The 3D prosthetic ovary not only allowed mice to ovulate, but to give birth.
"We've used it by putting bio inks into 3d printers and are able to print actual organ structures,” said Teresa Woodruff of Northwestern Feinberg School of Medicine.
In this case, that structure was a mouse ovary. Here’s how it works: Northwestern researchers removed mouse ovaries and preserved the ovarian tissue or follicles, isolating the hormone producing cells. They then used the 3D printer and a special gelatin ink and printed the basic structure, or scaffold, creating layers in precise angles that replicated a real ovary. They then inserted the ovarian follicles to make a prosthetic ovary.
Northwestern researchers say the key to success was to fine tune the scaffold structure so the follicles could survive and grow and function as a natural ovary.
Imagine it like this: the scaffold, just like in building construction, is used to house the cells in an artificial environment. Once the newly created prosthetic ovary was transplanted back into the mice, the egg cells then began to mature and ovulate. Blood vessels started forming and it allowed hormones to flow. The result was a fully functional bio-prosthetic ovary that not only restored hormone function, but also allowed mice to get pregnant, deliver pups and lactate after birth.

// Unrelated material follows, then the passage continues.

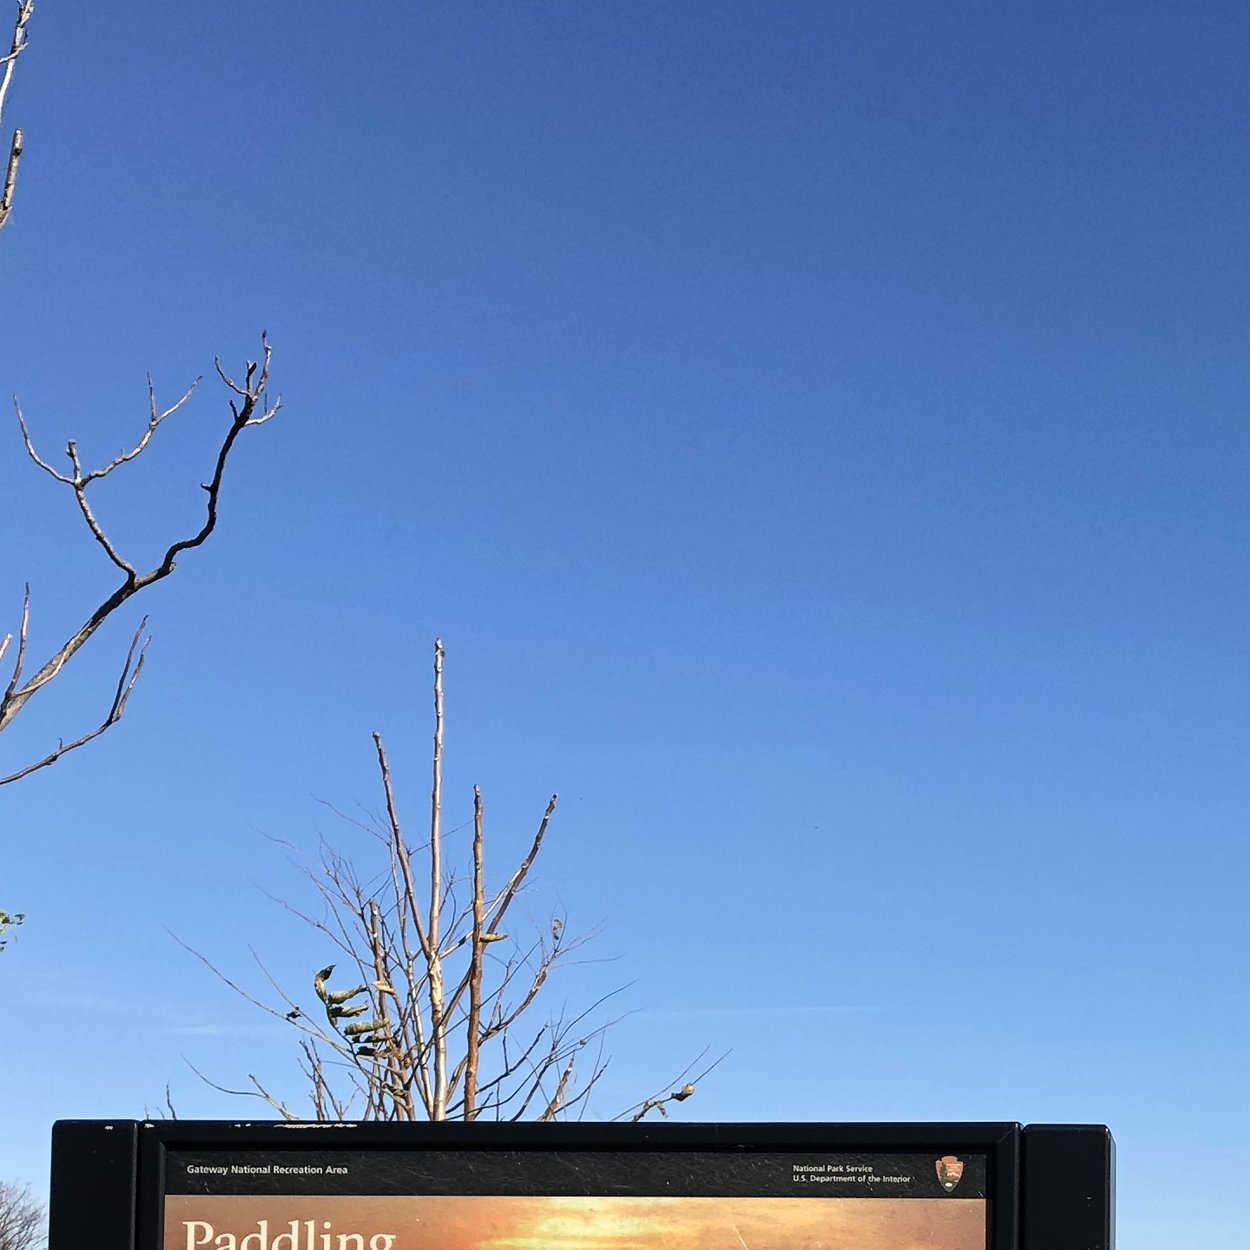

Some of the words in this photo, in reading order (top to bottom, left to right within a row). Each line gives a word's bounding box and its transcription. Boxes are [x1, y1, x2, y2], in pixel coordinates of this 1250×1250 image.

Even though it's a few years down the road for human testing, scientists are excited that this technique could restore function in cancer patients who have lost their fertility.

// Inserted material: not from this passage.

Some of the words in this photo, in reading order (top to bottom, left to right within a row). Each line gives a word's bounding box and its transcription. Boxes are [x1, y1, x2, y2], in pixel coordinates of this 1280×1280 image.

For Alyssa Kelly, the news is exciting. At the age of 3, her daughter Evelyn underwent cancer treatments. Alyssa had doctors save Evelyn’s ovarian tissue with the hope that technology would someday make it possible for Evelyn to have her own biological children.

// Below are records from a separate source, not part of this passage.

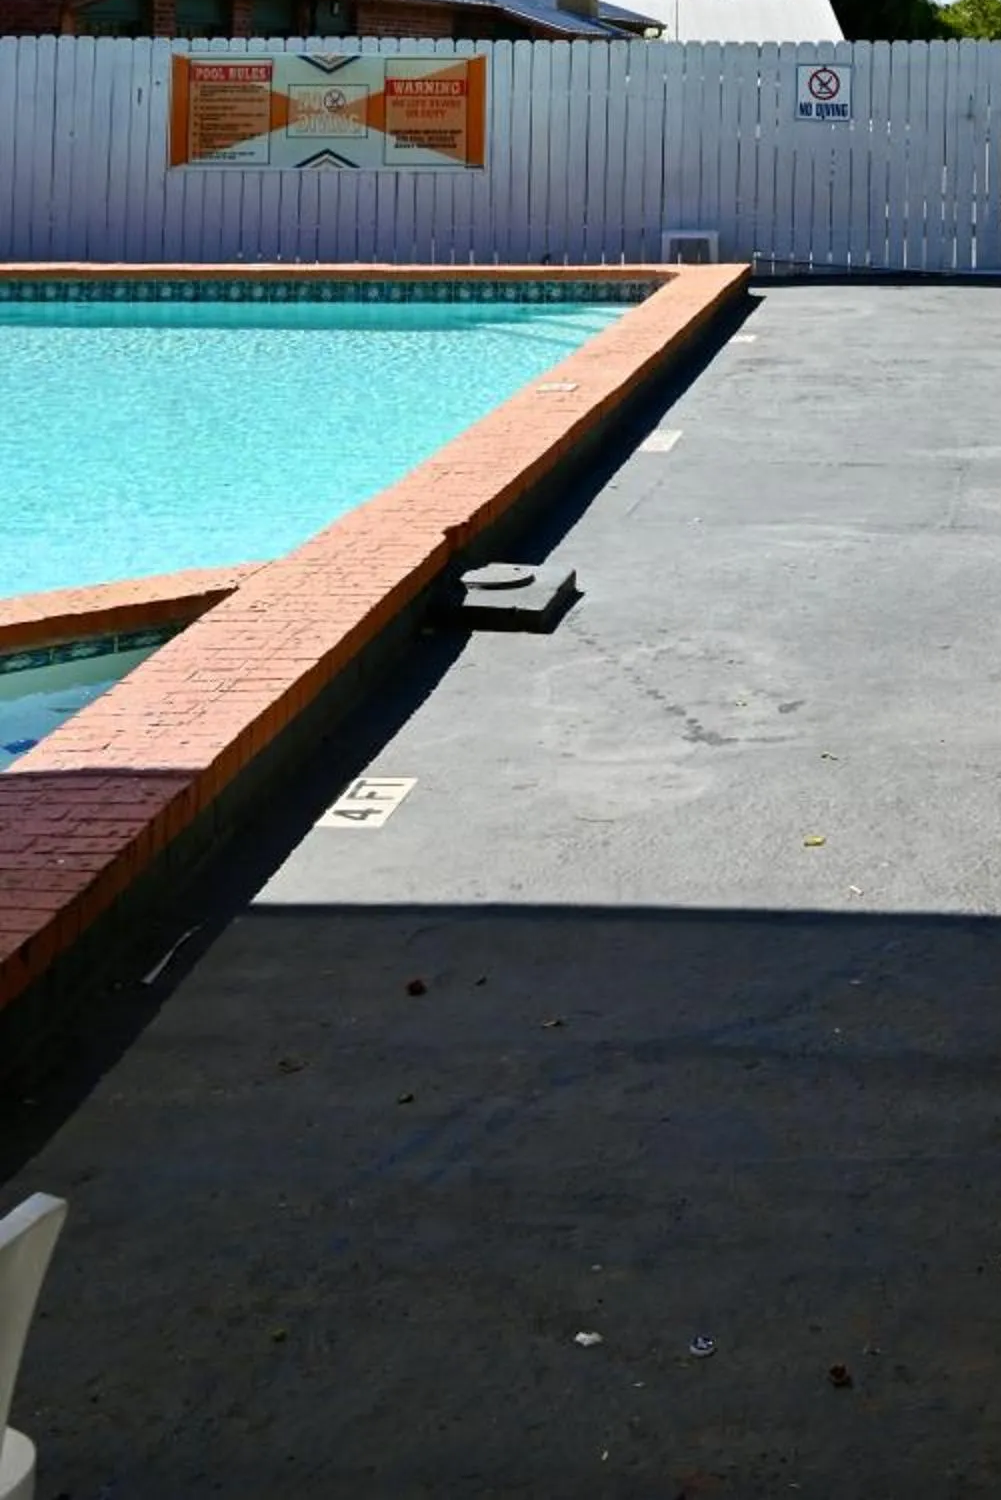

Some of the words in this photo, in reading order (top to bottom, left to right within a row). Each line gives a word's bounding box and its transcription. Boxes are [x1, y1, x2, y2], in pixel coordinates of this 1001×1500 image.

[195, 66, 226, 81] POOL
[229, 66, 267, 81] RULES
[393, 80, 462, 95] WARNING
[799, 102, 813, 117] NO
[815, 103, 849, 118] DIVING
[347, 779, 406, 801] FT
[332, 808, 385, 820] 4

"My kids are the best thing that ever happened to me. They're wonderful and I wanted that option for her,” mom said.
Alyssa is hoping by the time her daughter is of age, the prosthetic ovary or something similar will be a routine procedure, and Northwestern researchers say that's a very good possibility. They believe human trials are just 3 to 5 years away.
"We accomplished something we didn't expect and doesn't come along very often in biological research. So when it actually works ...that's what's really exciting,” Woodruff said.
Scientists say this is just the beginning. They believe this same technique could likely result in not only prosthetic ovaries, but other organs such as livers and kidneys, so that transplants in some cases would no longer be necessary.